After hearing of two more bodies pulled out of the rubble today, eight days after the initial 7.0 + quake last week, I am struck by how strong the desire to live is within us humans and how belatedly we realize it.
Here is a statement by a guy named Dieuseul Anglade, the director of Haiti's Bureau of Mines, who predicted in September, 2008 the following:
"For two centuries, no major earthquake has been recorded in the Haitian capitol. The amount of energy accumulated along the fault runs the risk of an earthquake of 7.2 on the Richter scale. . There's no need to panic. But it would be a catastrophe." And of of course it is just that.
Yes, we have all been generous in our response, no matter how encumbered the initial relief effort has been. Though it has shaken us to our core, we have come together as one world in our response -- the earthquake became a worldquake, but how long will it last? What was done to respond to Monsieur Anglade's dire and prescient statement over a year ago?
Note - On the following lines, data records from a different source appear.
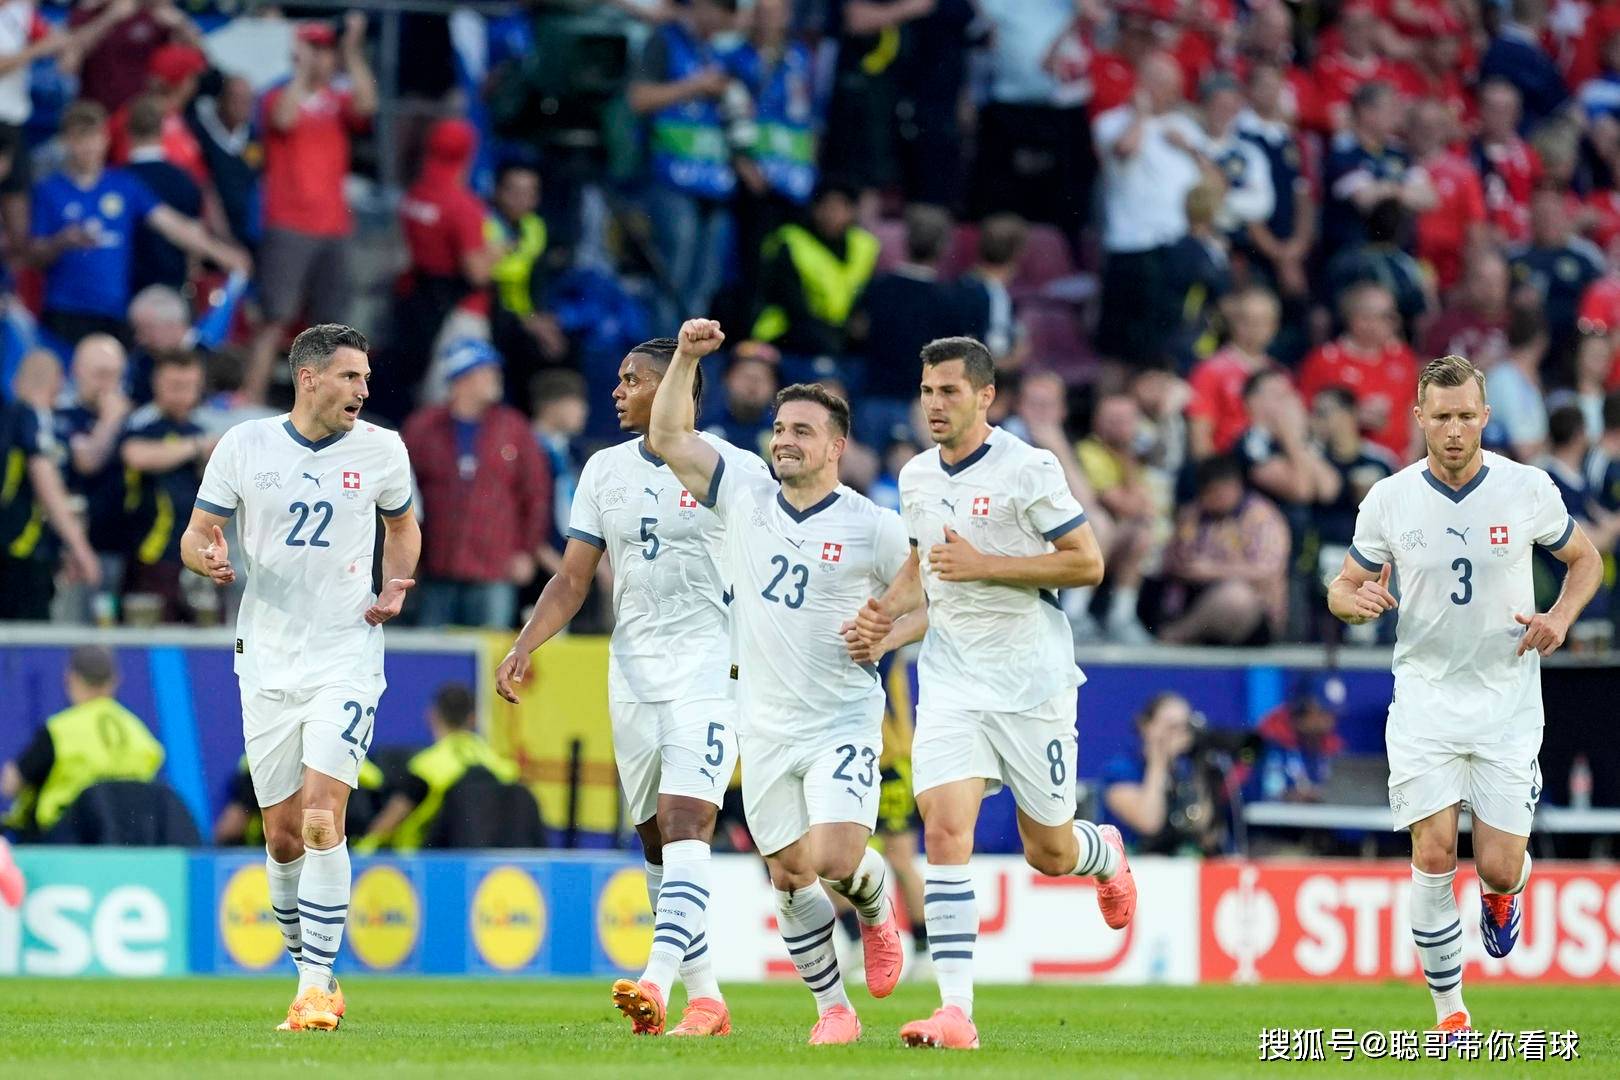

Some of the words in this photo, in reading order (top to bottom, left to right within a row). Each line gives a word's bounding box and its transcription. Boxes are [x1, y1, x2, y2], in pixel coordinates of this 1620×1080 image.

[286, 501, 334, 548] 22
[640, 517, 660, 561] 5
[761, 554, 810, 609] 23
[1450, 557, 1473, 605] 3
[705, 721, 725, 767] 5
[832, 743, 877, 788] 23
[1046, 738, 1066, 786] 8
[0, 884, 170, 977] se
[305, 928, 334, 942] SUISSE
With an incredible life force that keeps our pulses beating through extraordinary pain and deprivation, our lungs breathing when there is little air to breathe, we desperately want to survive. Why, then, don't we listen to our mother earth, which is shouting out her message?
Why can't we put our differences aside and come together in a world wide response (as we have done in this tragedy) and prepare for the next natural disaster by forming the well-oiled, coordinated machine that ensures precious days are not lost because of "logistics."
I think we can.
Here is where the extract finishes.